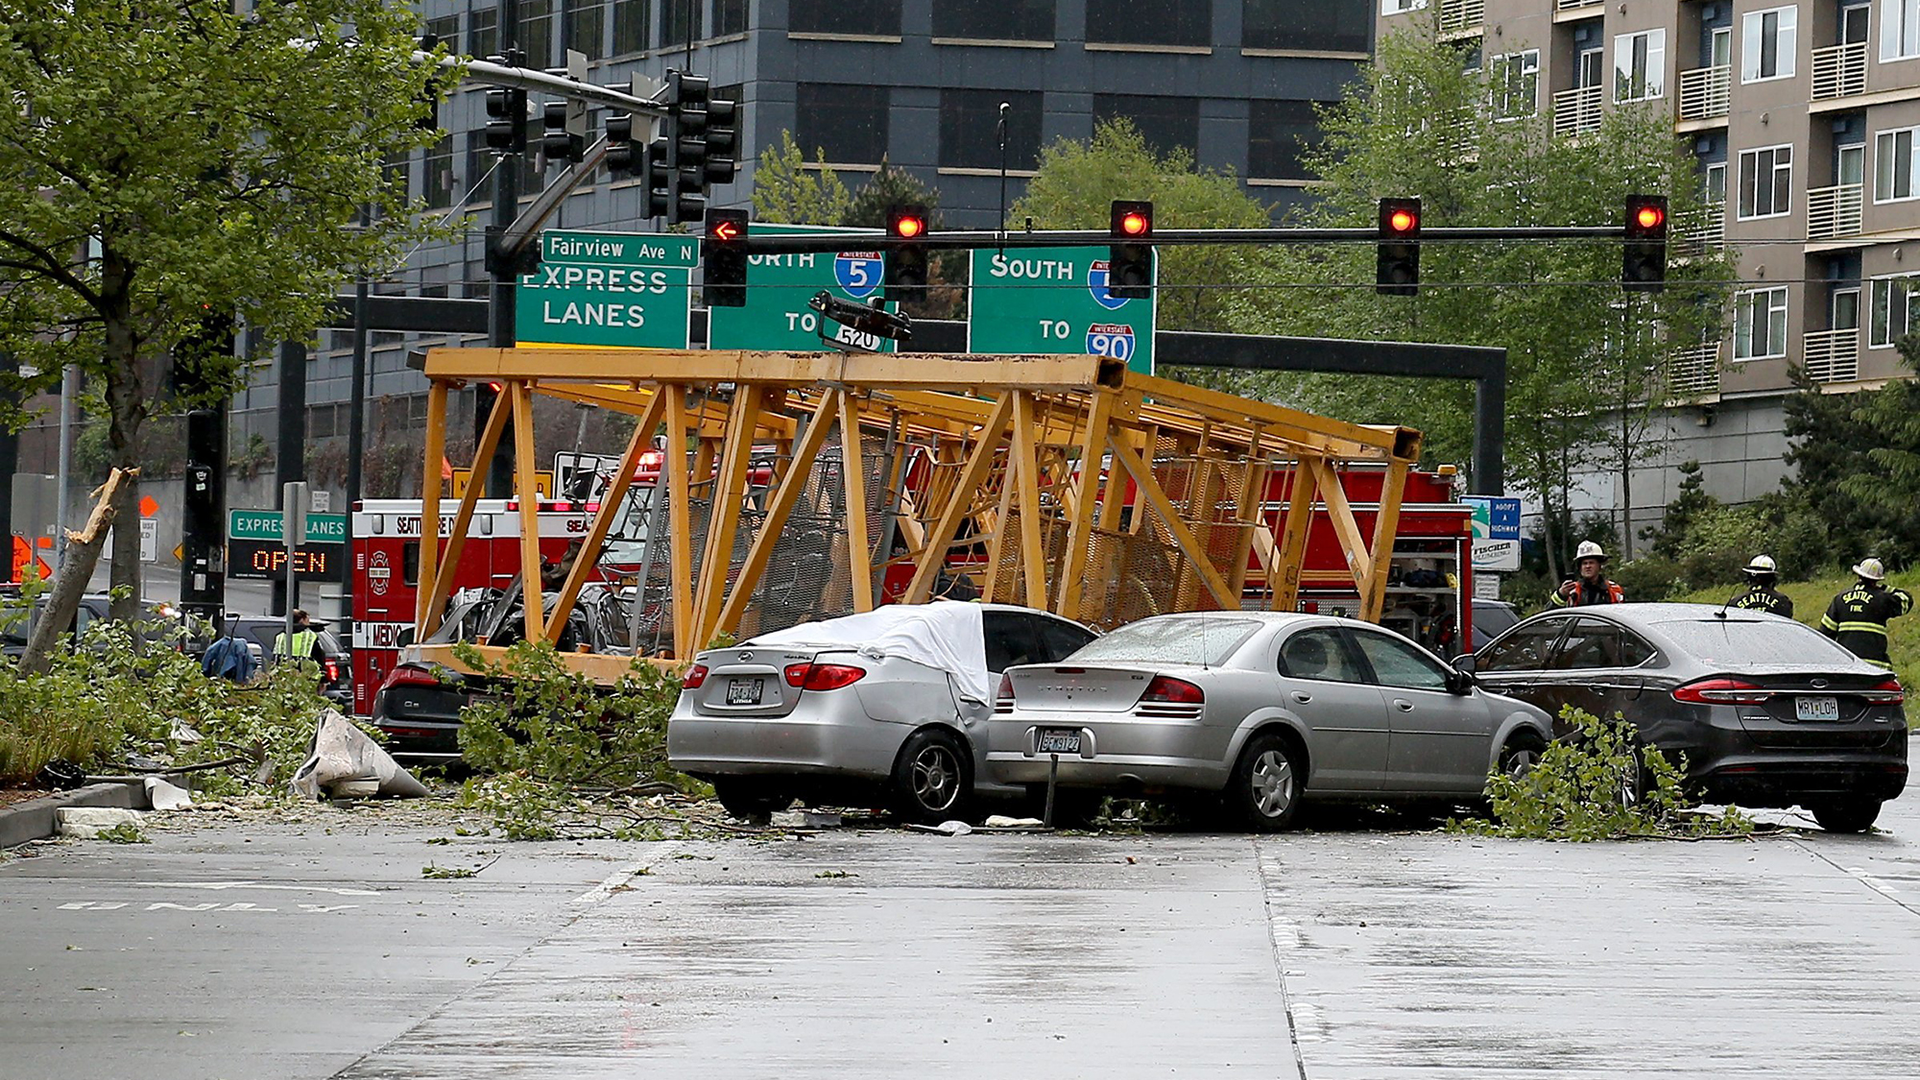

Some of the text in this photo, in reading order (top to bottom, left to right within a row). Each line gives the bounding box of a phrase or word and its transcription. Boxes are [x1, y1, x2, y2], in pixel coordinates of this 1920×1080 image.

[551, 238, 692, 260] Fairview Ave N
[747, 252, 815, 268] ORTH
[850, 261, 868, 287] 5
[544, 301, 644, 327] LANES
[785, 312, 817, 332] TO
[842, 328, 875, 348] 520
[1040, 319, 1070, 339] TO
[1092, 335, 1128, 363] 90
[237, 518, 344, 535] EXPRES LANES
[253, 550, 326, 573] OPEN
[1738, 593, 1778, 609] SEATTLE
[1842, 590, 1874, 604] SEATTLE
[1850, 604, 1863, 613] FIRE

================

#### [Your instructions]
Could you transcribe all of the data exactly and omit the pictures?

#### [Exercise solution]
Some of the text in this photo, in reading order (top to bottom, left to right within a row). Each line gives the bounding box of a phrase or word and its transcription. Boxes are [x1, y1, x2, y2], in pixel coordinates of this 1920×1080 image.

[551, 238, 692, 260] Fairview Ave N
[747, 252, 815, 268] ORTH
[850, 261, 868, 287] 5
[544, 301, 644, 327] LANES
[785, 312, 817, 332] TO
[842, 328, 875, 348] 520
[1040, 319, 1070, 339] TO
[1092, 335, 1128, 363] 90
[237, 518, 344, 535] EXPRES LANES
[253, 550, 326, 573] OPEN
[1738, 593, 1778, 609] SEATTLE
[1842, 590, 1874, 604] SEATTLE
[1850, 604, 1863, 613] FIRE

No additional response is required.